Calculating the difference between two rows in SQL can be a challenging task. It is possible – and there’s more than one way to do it. In this article, I’ll explain how to use the SQL window functions LEAD() and LAG() to find the difference between two rows in the same table.

I like to think of this as a “happy hour" article – you can learn about two topics (calculating the difference between two rows and SQL window functions) by reading just one article. Let’s get right into it!

Find the Difference Between Two Values in the Same Row

To calculate any difference, you need two elements; to calculate a difference in SQL, you need two records. You can calculate the difference between two columns in the same record, as I’ll show in a moment. It’s very easy. However, I’ll mainly focus on finding the difference between two values of the same column in different records.

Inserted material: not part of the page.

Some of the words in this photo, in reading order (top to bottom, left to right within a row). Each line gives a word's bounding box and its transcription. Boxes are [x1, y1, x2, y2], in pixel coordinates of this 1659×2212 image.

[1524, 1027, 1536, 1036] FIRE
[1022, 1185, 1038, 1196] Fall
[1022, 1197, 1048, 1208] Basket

First, let’s talk about our data. We’ll use a database with two tables, as used by the government of an imaginary province to define some social programs. The first table is housing, which contains data about the number of people renting, owning, or needing a house. Have a look:

Table housing

CityYearTotal PopulationPopulation Owning housePopulation renting housePopulation needing house
Goldpolis201722501500500250
Silverpolis201717501200400150
Bronzepolis201714201000300120
Goldpolis201824251600550275
Silverpolis201819201300410210
Bronzepolis201817301020300410
Goldpolis201926101750580280
Silverpolis201921101400420290
Bronzepolis201920101050300660

To design a plan to build houses for people who need them, the government wants to obtain some metrics about the housing problems in different cities. Suppose the government wants to know how many people in each city don’t own a house; the query will be:

SELECT 	
    city,
    total_population, 
    total_population - population_owning_house AS people_not_owning_house
FROM 	housing

In this query, it’s clear you’re calculating a difference using two different columns in the same record. Next, you’ll calculate differences using two records.

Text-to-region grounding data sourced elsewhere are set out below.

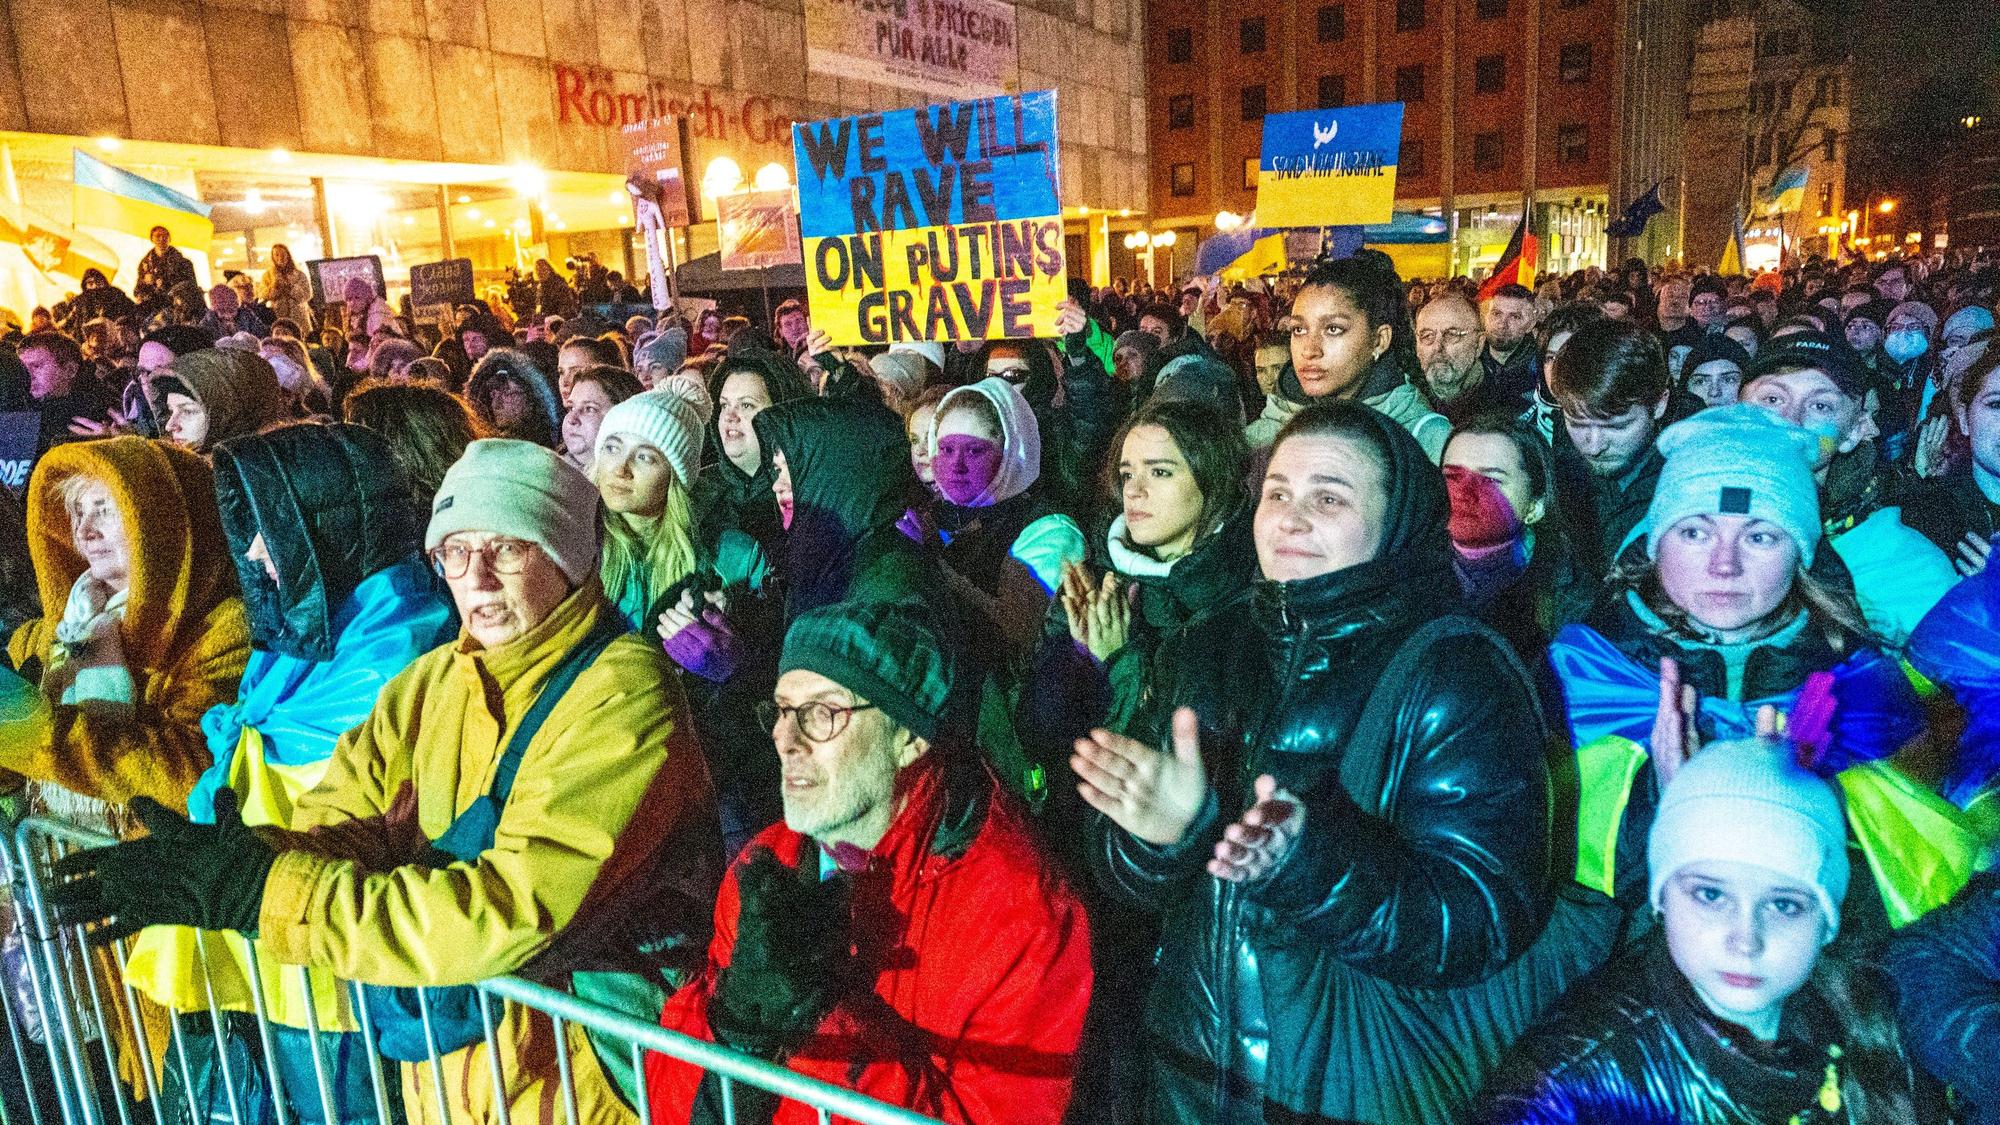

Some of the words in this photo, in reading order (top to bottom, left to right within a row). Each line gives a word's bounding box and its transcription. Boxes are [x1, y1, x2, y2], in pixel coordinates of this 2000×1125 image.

[555, 62, 793, 146] Römisch-Ge
[800, 115, 887, 181] WE
[914, 97, 1047, 167] WILL
[850, 160, 998, 237] RAVE
[815, 233, 884, 293] ON
[906, 219, 1063, 286] PUTIN'S
[857, 278, 1035, 343] GRAVE

Calculating the Difference Between Two Values in the Same Column

Usually, all the operations we do in a SQL query are related to the current record. But in this case, we need a second record. This is the tricky part. We’ll use a technique that employs the windows functions LAG() and LEAD() to obtain data from another record. If you want to go deeper, I suggest reading this window functions article that gives clear explanations of window functions with plenty of examples.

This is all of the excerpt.